- Directions
Copy out each line of the data that holds the string "Dark".

- Working data
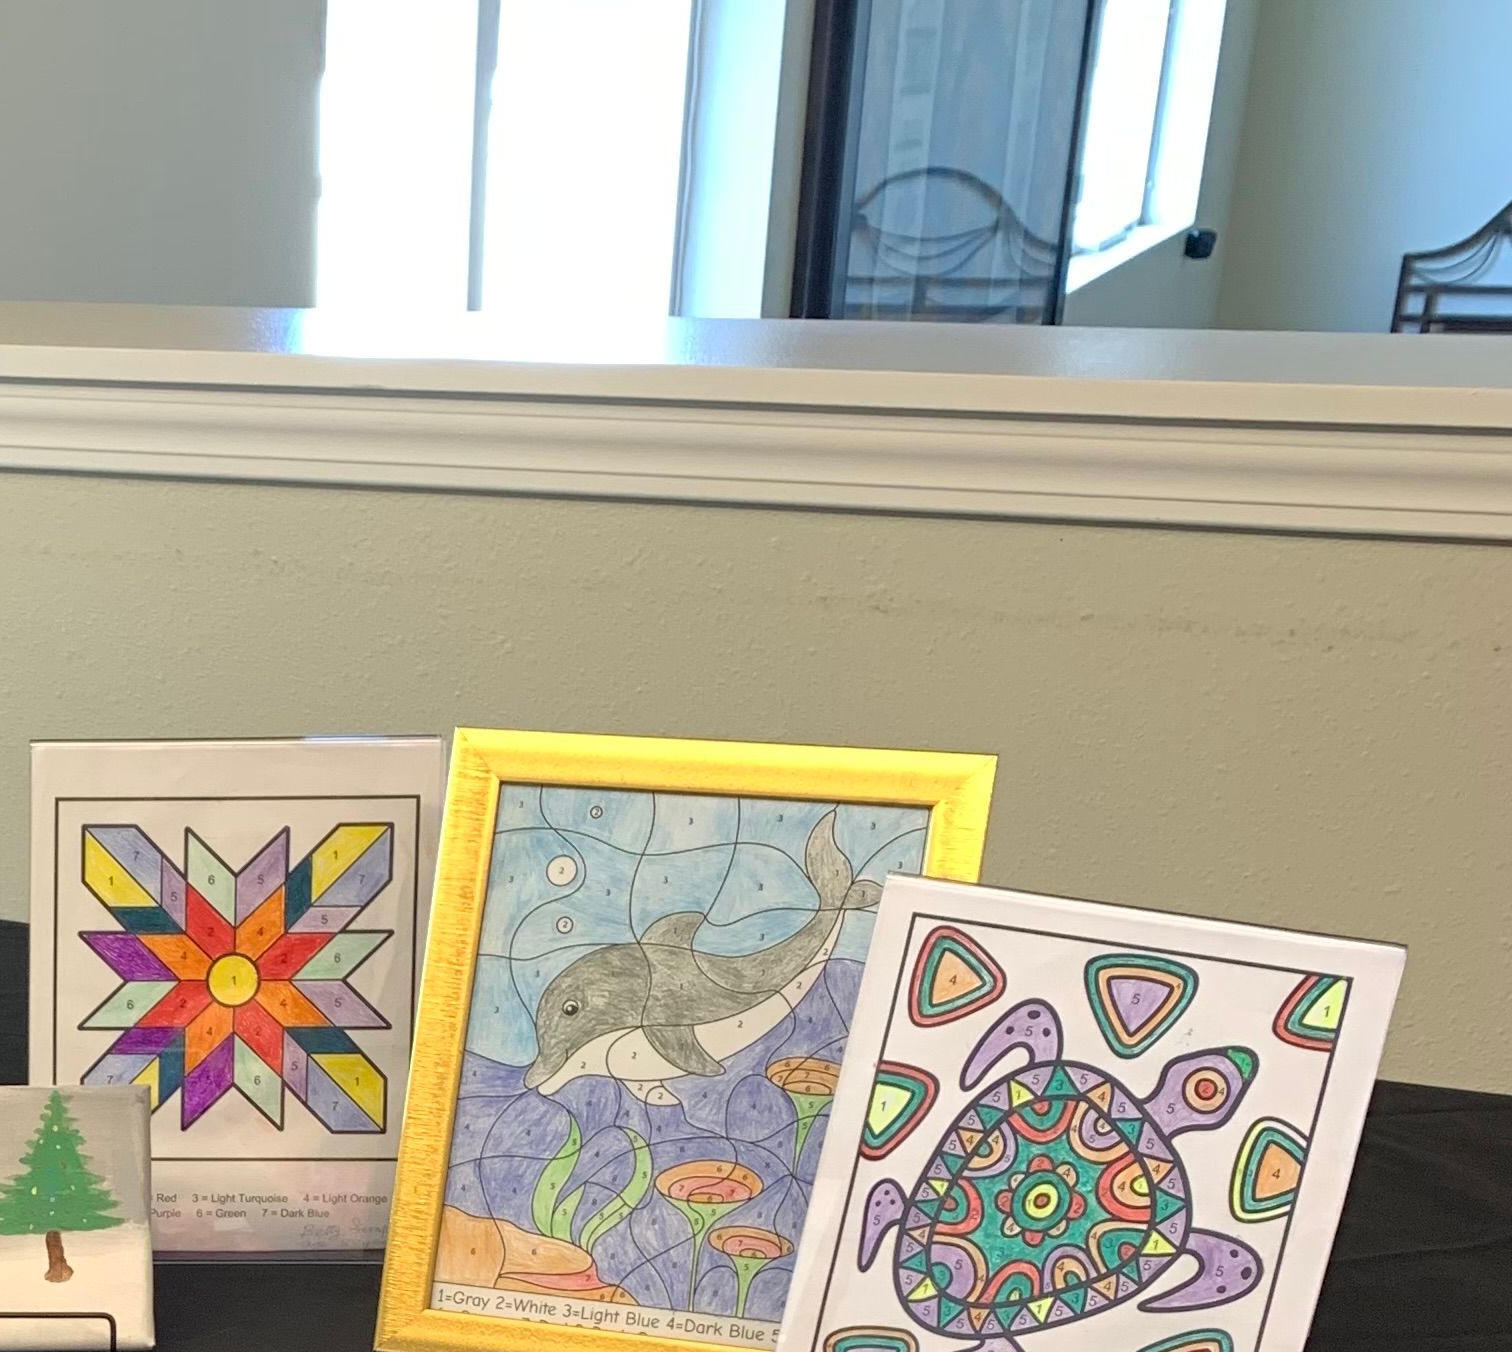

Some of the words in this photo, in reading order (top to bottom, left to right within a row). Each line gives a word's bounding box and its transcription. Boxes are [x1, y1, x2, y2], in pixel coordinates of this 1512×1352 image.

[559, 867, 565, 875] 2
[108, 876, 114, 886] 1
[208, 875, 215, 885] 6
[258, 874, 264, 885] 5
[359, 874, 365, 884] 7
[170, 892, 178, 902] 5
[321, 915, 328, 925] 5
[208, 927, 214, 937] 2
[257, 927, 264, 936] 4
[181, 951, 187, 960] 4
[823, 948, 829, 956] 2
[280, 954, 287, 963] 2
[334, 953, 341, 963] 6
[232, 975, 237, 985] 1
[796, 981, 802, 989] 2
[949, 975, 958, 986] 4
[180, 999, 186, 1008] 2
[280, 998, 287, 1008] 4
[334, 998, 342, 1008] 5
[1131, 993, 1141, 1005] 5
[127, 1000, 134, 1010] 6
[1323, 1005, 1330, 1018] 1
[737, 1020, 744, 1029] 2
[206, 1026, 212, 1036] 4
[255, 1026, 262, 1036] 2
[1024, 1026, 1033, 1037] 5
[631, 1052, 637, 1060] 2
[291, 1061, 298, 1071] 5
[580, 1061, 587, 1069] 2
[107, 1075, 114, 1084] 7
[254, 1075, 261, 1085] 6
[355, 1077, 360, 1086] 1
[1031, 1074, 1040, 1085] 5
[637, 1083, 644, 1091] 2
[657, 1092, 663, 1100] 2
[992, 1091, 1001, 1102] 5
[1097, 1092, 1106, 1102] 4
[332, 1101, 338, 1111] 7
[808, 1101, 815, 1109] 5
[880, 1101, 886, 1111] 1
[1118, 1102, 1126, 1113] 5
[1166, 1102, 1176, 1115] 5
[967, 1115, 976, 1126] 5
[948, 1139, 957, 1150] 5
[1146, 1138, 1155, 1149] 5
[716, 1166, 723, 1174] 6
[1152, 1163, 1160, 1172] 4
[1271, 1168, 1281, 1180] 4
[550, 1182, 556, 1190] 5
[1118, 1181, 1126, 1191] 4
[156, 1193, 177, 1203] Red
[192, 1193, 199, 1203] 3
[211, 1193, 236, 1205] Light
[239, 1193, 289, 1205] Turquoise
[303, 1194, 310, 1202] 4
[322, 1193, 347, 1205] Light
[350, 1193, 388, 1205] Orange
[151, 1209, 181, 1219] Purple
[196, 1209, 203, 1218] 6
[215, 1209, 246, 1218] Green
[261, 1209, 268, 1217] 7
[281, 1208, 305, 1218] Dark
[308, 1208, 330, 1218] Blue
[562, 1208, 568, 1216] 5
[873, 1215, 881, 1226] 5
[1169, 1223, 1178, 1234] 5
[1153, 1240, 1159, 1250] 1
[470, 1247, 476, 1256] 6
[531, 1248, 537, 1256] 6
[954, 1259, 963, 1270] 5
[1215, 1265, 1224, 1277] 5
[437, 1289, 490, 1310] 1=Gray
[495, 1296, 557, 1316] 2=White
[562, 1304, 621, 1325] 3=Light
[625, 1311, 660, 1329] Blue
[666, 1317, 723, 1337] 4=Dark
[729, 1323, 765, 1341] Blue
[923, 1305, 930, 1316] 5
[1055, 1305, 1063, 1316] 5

- Exercise solution
[281, 1208, 305, 1218] Dark
[666, 1317, 723, 1337] 4=Dark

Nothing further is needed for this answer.